Una sonrisa que parodiaba el tamaño de las lunas menguantes se posó en los labios de Miguel de Cervantes Saavedra. Conste, enterarse de que el cabrón de Lope de Vega ya estaba en el puesto cuarentaicinco, firma que te firma, no le hizo mella. Por otro lado, en señal de aprecio, a Francisco de Quevedo tenía pensado regalarle un lindo bolígrafo de la casa Parker.
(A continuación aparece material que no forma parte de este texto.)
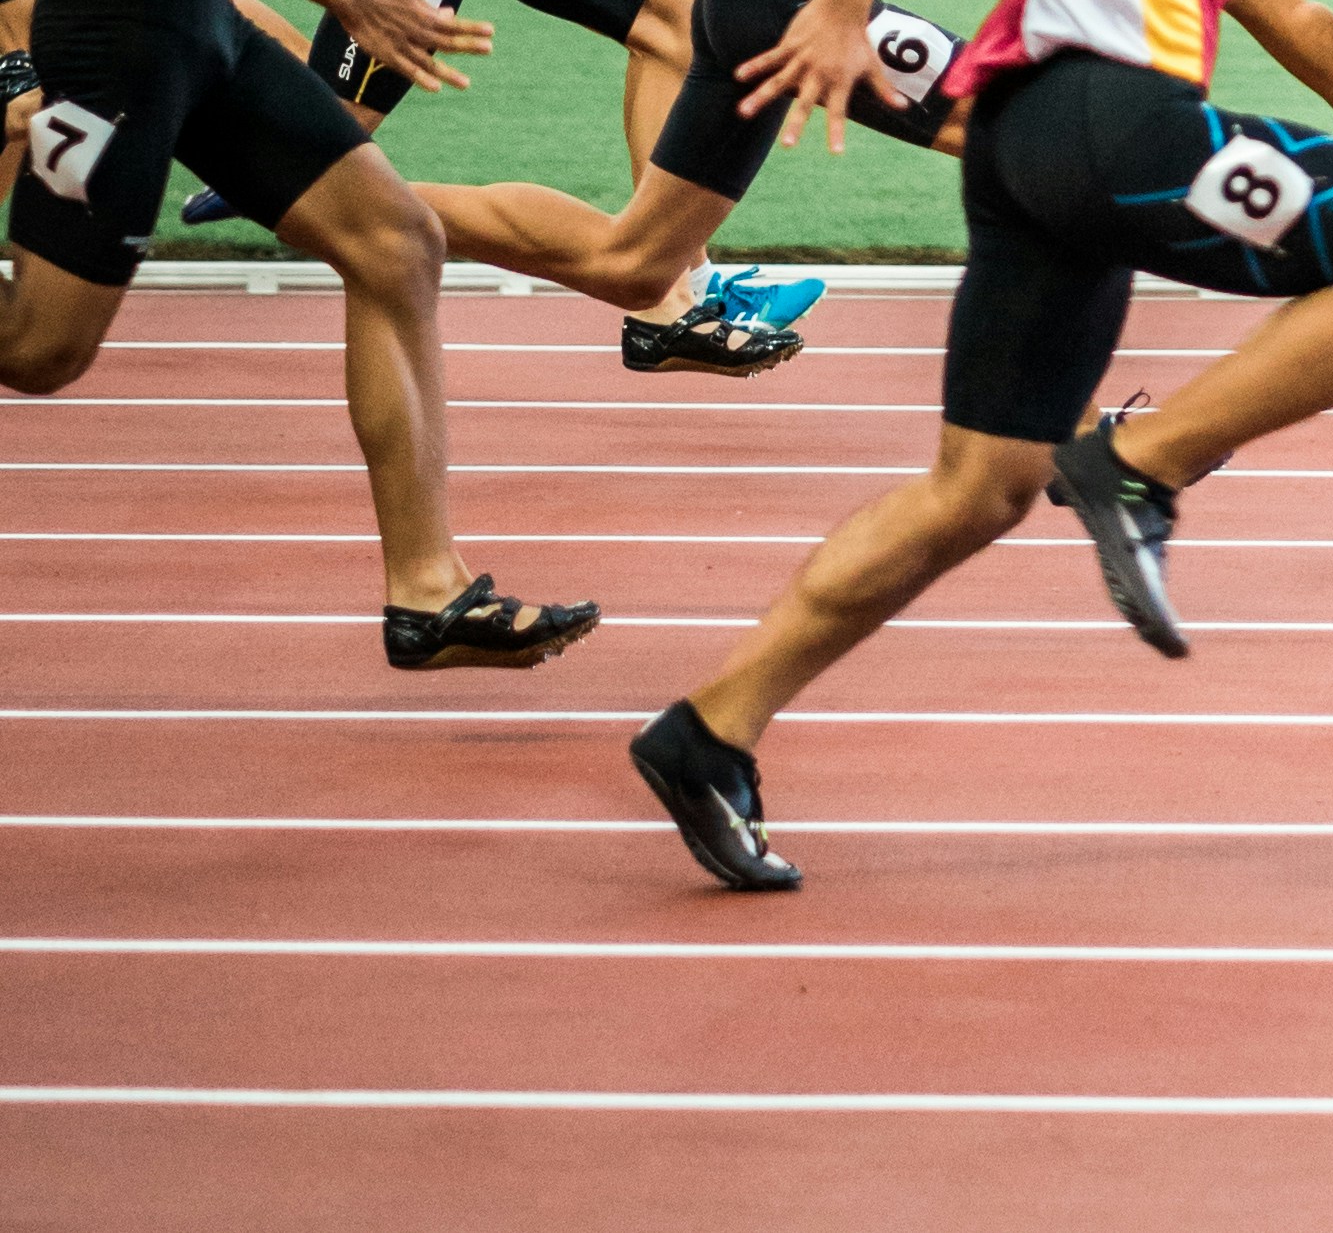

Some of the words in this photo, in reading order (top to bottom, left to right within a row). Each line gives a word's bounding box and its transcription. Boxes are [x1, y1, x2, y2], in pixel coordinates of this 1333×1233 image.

[877, 29, 930, 74] 6
[46, 116, 89, 173] 7
[1222, 163, 1280, 219] 8
Produjo la sonrisa menguada oír que el maestro de ceremonias lo proclamaba autor de moda. Es decir, autor pasajero, autor coyuntural, autor que bailotea al son de la banca, autor de una imaginación carcomida por las fórmulas.
¡Autor de moda!
Del glorioso Don Quijote de la Mancha se declaraba alumno Miguel de Cervantes Saavedra. De su nunca bien ponderado maestro aprendió a desbaratar la costra de mezquindad que desfigura ciertas palabras.
¡Autor de moda!
Agitado por la incredulidad y el coraje, por la ofensa y el agravio, en el plazo de un santiamén repasó el cúmulo de penurias espirituales y materiales que amagaron mancarle el alma, a lo largo y lo ancho de la vida. El destierro a Italia. Las heridas en la batalla de Lepanto. El cautiverio en Argel. La sosa recepción a La galatea. La penuria económica. La desdicha callada del hombre que estando en la mitad del camino de la vida se enamora de una moza. La recurrente acusación a su persona de conflictiva e insegura. Los oscuros rumores.
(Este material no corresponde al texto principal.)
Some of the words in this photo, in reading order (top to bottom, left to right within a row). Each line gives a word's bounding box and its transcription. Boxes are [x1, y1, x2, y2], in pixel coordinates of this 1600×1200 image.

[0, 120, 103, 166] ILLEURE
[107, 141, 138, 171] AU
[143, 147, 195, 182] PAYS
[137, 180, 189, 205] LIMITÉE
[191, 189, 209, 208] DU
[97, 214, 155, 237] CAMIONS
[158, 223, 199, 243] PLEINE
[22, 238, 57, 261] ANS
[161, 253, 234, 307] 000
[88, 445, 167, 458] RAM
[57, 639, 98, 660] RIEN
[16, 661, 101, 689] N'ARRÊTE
El doloroso repaso actualizó cuanto fue el impensado ensayo para la escritura de una obra donde se abrazaron los tantos gozos y las tantas sombras de la condición humana. Una obra de esencia desgarrada, puesta al servicio exclusivo de la libertad y la justicia. Una obra exponente de una decencia sin mácula, desconocedora del oportunismo que practican los libros natimuertos, los libros mercenarios, los libros escritos bajo el signo perecedero de la moda.
¡Autor de moda!
Miguel de Cervantes Saavedra se dio iluminada cuenta de que no quería estar allí. Y viró en redondo, ganado por la tranquilidad, manifiesto el despejo.
De repente, feliz y despejado, quiso volver a contemplar la ejemplar indiferencia de aquellos perros callejeros que, según le parecía, conversaban.